Pictures must not be copied, but every entry must be reproduced exactly.

───── Records supplied

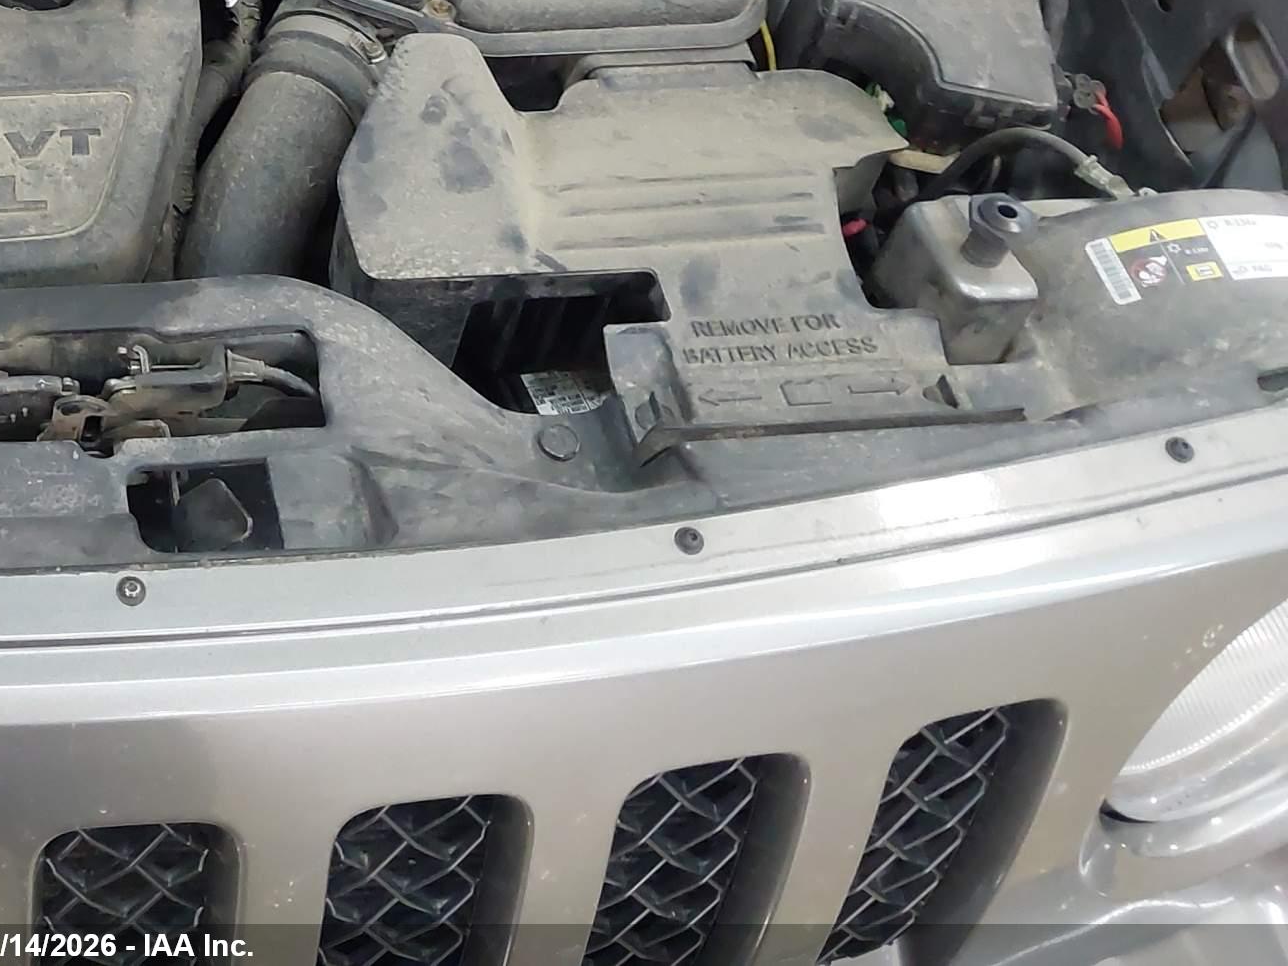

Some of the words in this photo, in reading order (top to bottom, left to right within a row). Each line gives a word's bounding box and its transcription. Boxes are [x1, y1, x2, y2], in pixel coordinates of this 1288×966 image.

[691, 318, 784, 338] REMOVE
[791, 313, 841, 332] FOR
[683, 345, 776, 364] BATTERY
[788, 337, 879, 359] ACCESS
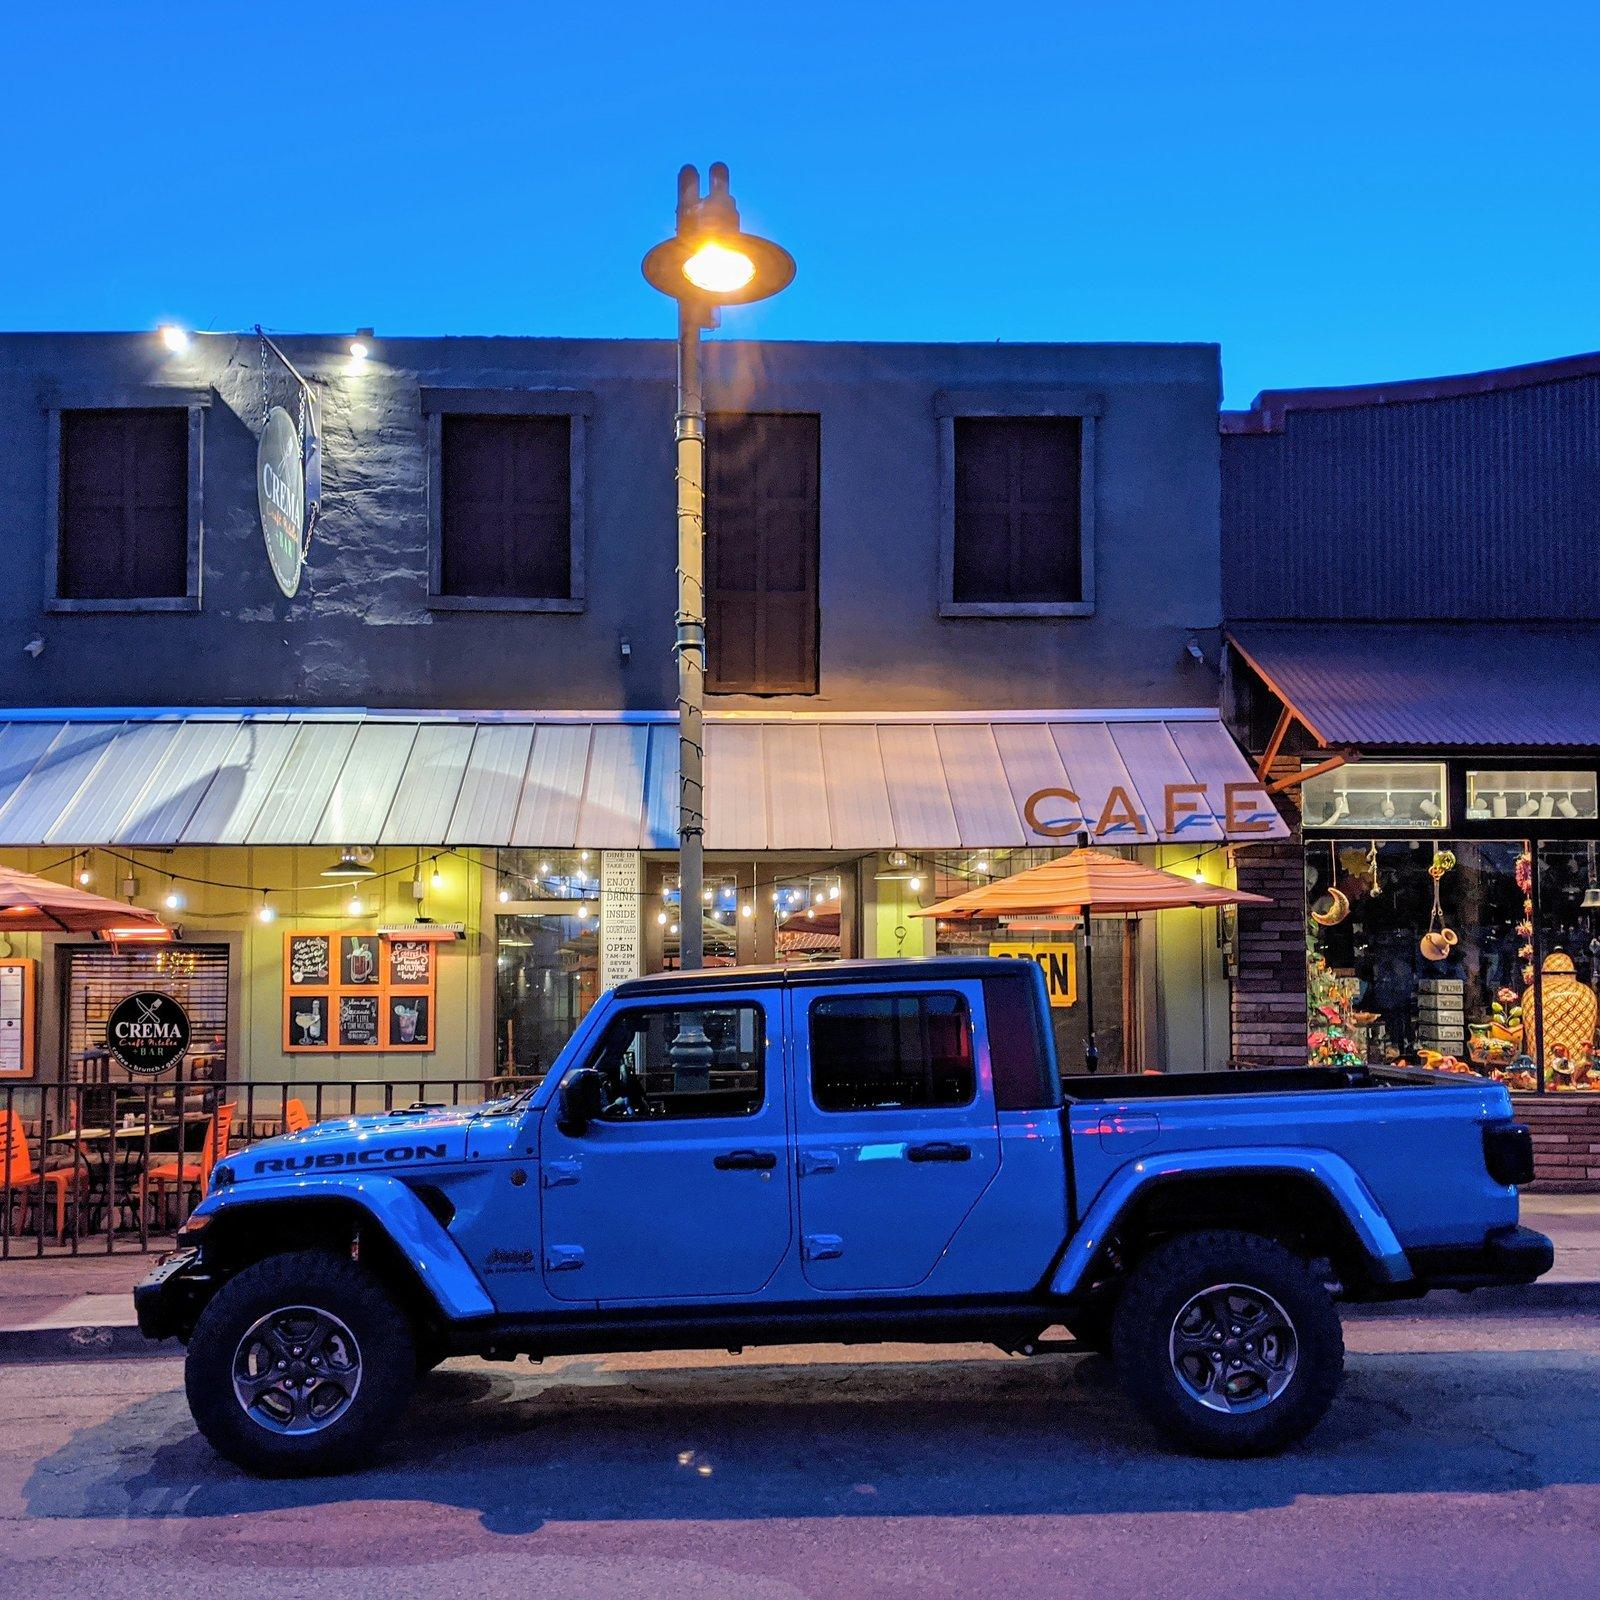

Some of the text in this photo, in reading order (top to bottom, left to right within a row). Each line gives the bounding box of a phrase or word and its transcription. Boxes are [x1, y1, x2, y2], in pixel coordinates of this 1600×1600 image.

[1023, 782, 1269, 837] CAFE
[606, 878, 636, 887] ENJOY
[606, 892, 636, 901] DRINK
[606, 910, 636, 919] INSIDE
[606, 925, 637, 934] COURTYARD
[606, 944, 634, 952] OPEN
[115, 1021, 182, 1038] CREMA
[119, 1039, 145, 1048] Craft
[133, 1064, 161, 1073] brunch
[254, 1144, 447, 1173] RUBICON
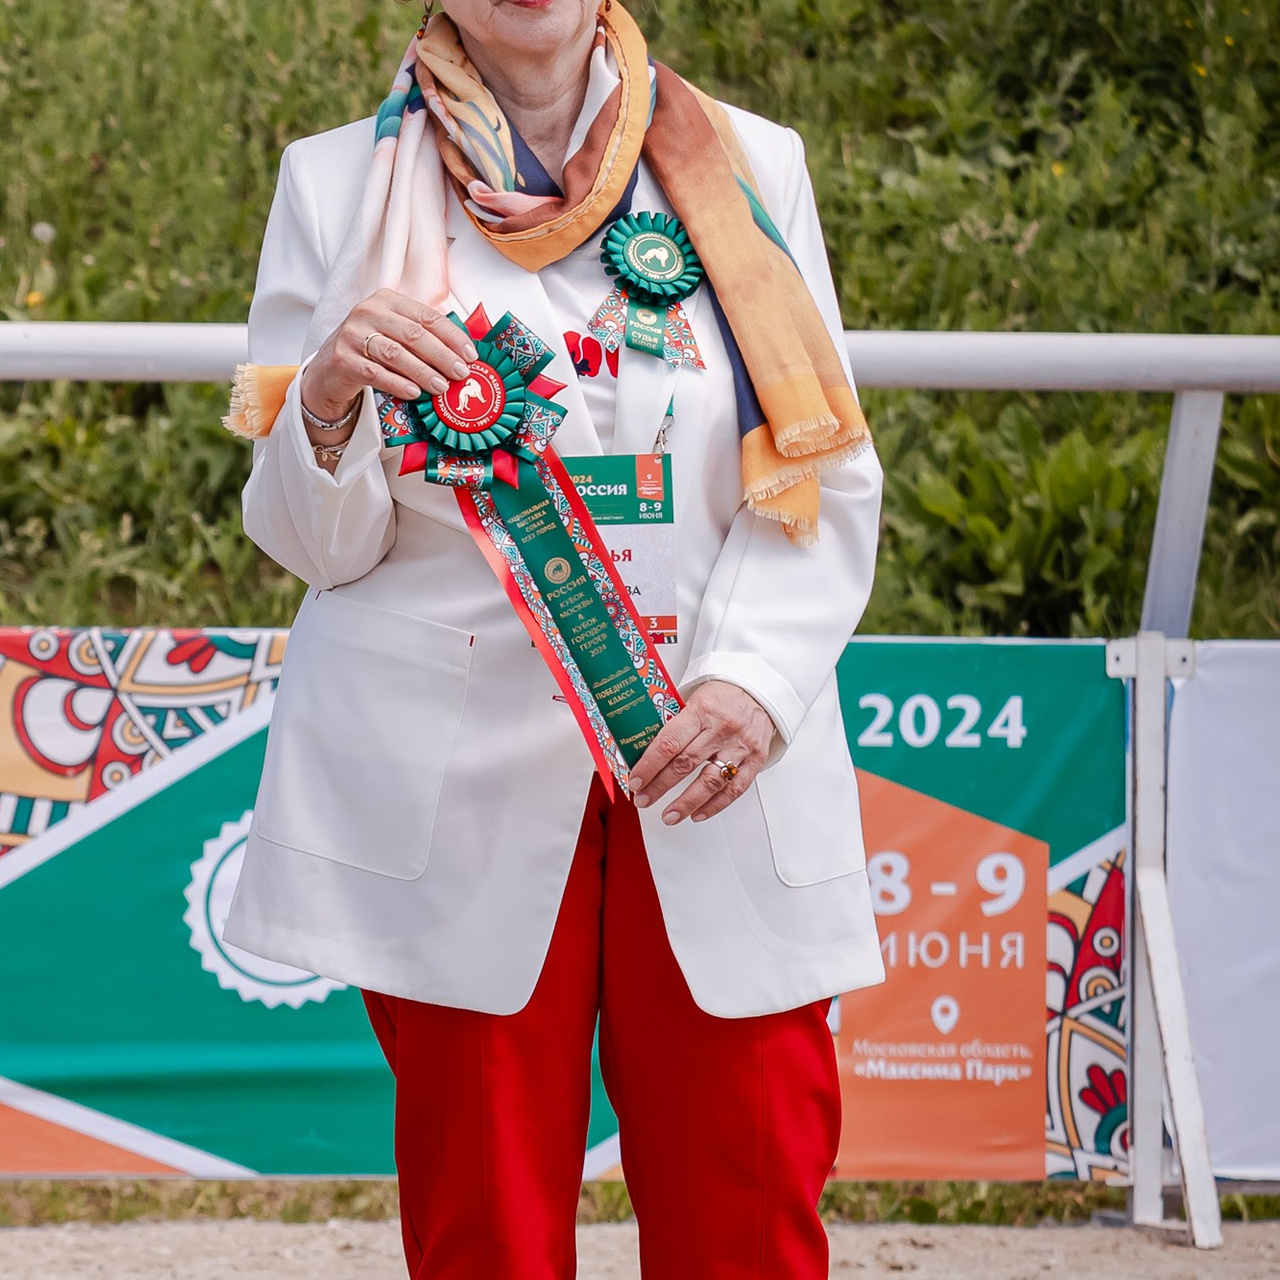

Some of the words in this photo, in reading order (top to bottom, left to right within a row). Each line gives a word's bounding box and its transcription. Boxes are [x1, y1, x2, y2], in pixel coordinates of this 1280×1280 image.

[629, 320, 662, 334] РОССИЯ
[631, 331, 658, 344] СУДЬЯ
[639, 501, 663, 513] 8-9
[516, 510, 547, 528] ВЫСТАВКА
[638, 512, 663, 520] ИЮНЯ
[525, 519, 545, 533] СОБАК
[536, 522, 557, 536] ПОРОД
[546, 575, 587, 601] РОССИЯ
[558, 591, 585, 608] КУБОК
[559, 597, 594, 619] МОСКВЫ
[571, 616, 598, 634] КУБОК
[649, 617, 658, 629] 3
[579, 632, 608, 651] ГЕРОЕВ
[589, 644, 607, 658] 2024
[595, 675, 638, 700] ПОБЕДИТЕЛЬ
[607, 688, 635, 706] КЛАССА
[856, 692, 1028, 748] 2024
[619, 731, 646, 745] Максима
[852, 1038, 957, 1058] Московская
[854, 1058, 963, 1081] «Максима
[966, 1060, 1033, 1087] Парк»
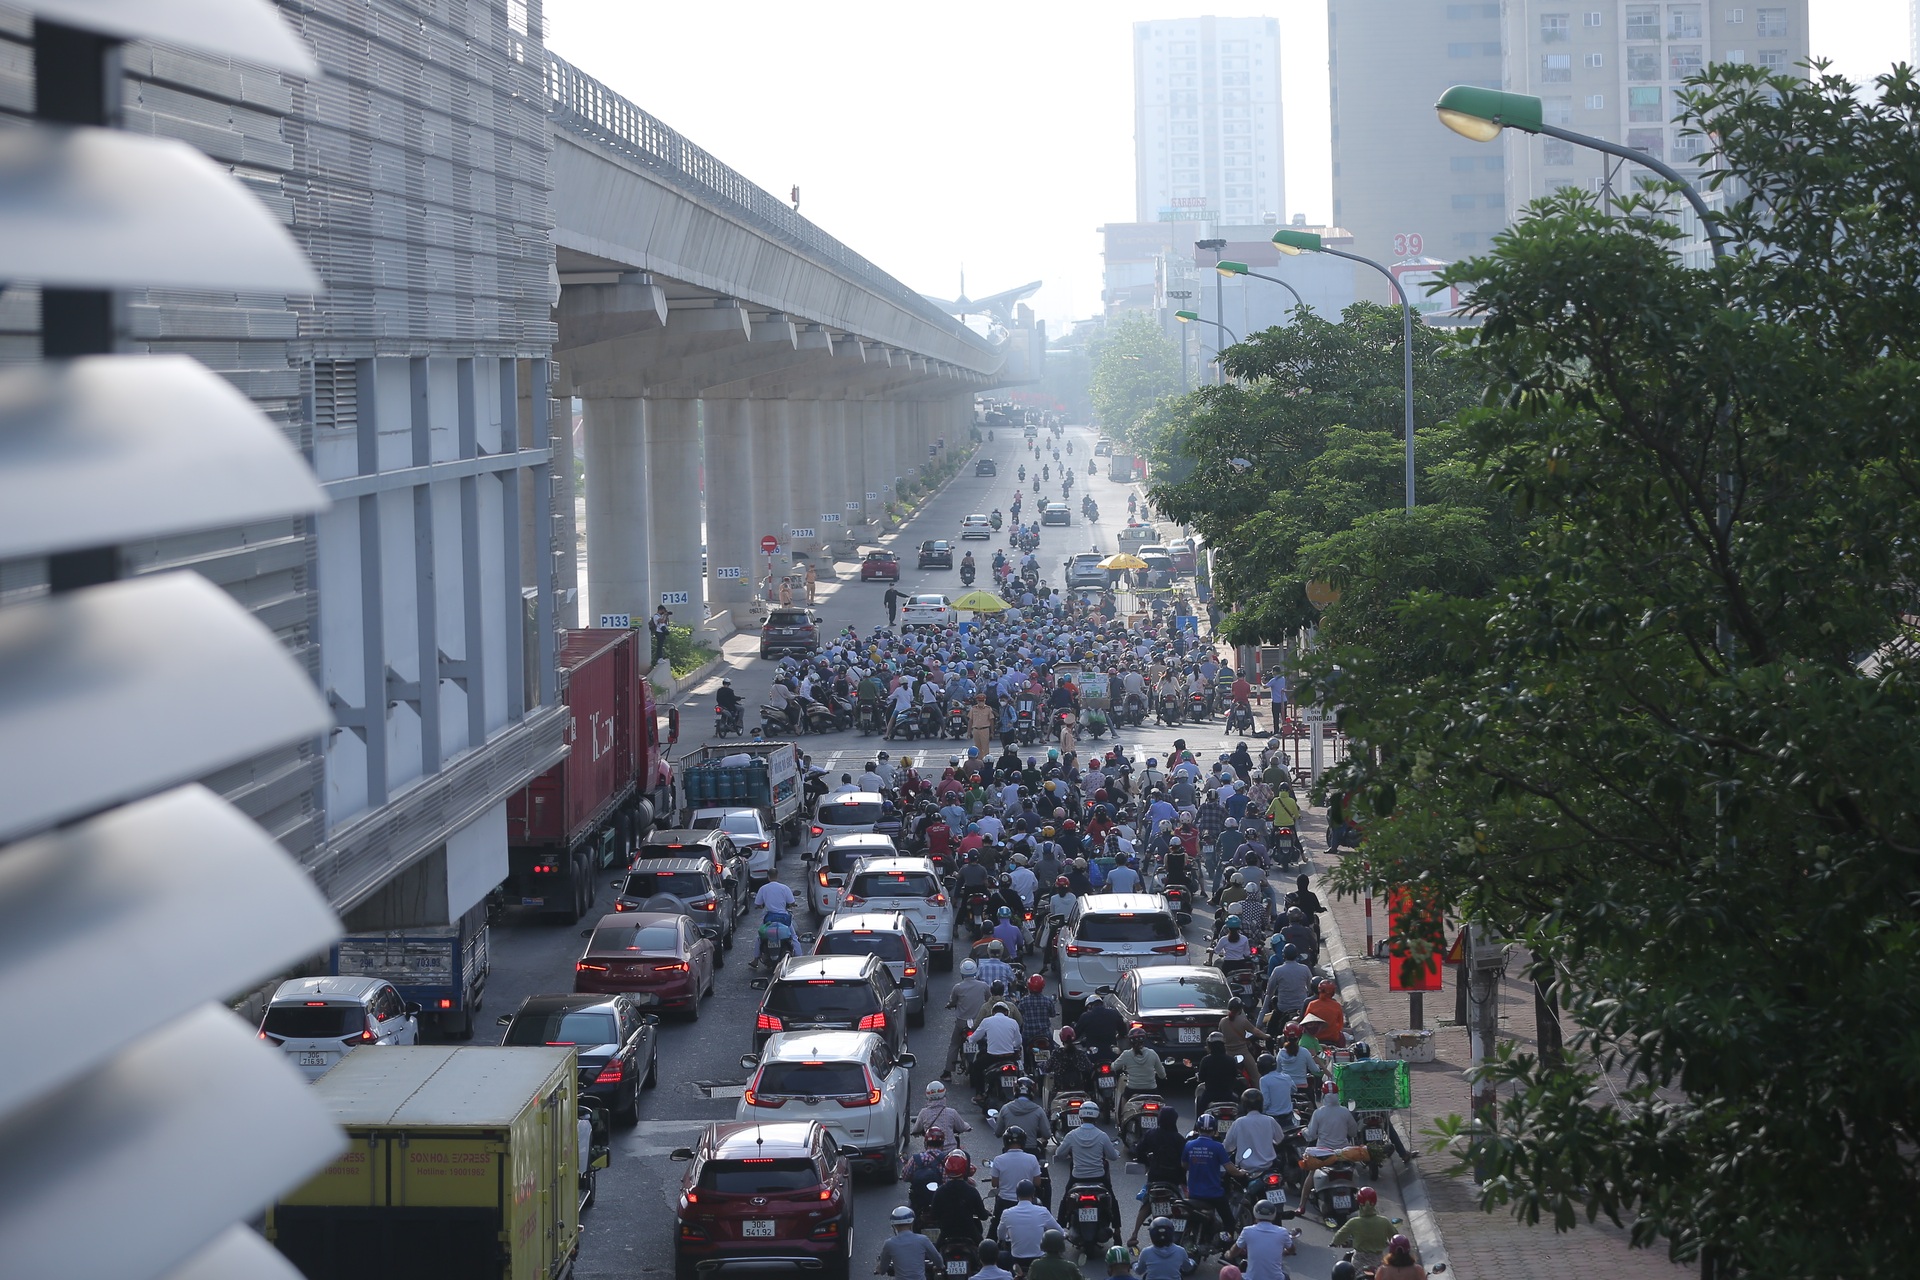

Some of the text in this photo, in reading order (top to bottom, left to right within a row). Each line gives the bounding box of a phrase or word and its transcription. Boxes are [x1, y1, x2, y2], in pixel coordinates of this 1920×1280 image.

──────────

- Result for this exercise -
Some of the words in this photo, in reading order (top to bottom, left to right within a row). Each line gives a word's bounding box and its transcription. Boxes are [x1, y1, x2, y2], in pixel coordinates of this 1288×966 image.

[691, 318, 784, 338] REMOVE
[791, 313, 841, 332] FOR
[683, 345, 776, 364] BATTERY
[788, 337, 879, 359] ACCESS

Some of the text in this photo, in reading order (top to bottom, left to right within a row). Each line gives the bounding box of a phrase or word and its transcription. Boxes are [x1, y1, x2, y2], in pixel coordinates of this 1600×1600 image.

[1023, 782, 1269, 837] CAFE
[606, 878, 636, 887] ENJOY
[606, 892, 636, 901] DRINK
[606, 910, 636, 919] INSIDE
[606, 925, 637, 934] COURTYARD
[606, 944, 634, 952] OPEN
[115, 1021, 182, 1038] CREMA
[119, 1039, 145, 1048] Craft
[133, 1064, 161, 1073] brunch
[254, 1144, 447, 1173] RUBICON

Some of the words in this photo, in reading order (top to bottom, left to right within a row). Each line gives a word's bounding box and its transcription. Boxes are [x1, y1, x2, y2], in pixel coordinates of this 1280×1280 image.

[629, 320, 662, 334] РОССИЯ
[631, 331, 658, 344] СУДЬЯ
[639, 501, 663, 513] 8-9
[516, 510, 547, 528] ВЫСТАВКА
[638, 512, 663, 520] ИЮНЯ
[525, 519, 545, 533] СОБАК
[536, 522, 557, 536] ПОРОД
[546, 575, 587, 601] РОССИЯ
[558, 591, 585, 608] КУБОК
[559, 597, 594, 619] МОСКВЫ
[571, 616, 598, 634] КУБОК
[649, 617, 658, 629] 3
[579, 632, 608, 651] ГЕРОЕВ
[589, 644, 607, 658] 2024
[595, 675, 638, 700] ПОБЕДИТЕЛЬ
[607, 688, 635, 706] КЛАССА
[856, 692, 1028, 748] 2024
[619, 731, 646, 745] Максима
[852, 1038, 957, 1058] Московская
[854, 1058, 963, 1081] «Максима
[966, 1060, 1033, 1087] Парк»

Some of the text in this photo, in reading order (top to bottom, left to right within a row). Each line gives the bounding box of a phrase or word and its transcription. Boxes are [x1, y1, x2, y2], in pixel coordinates of this 1920×1280 image.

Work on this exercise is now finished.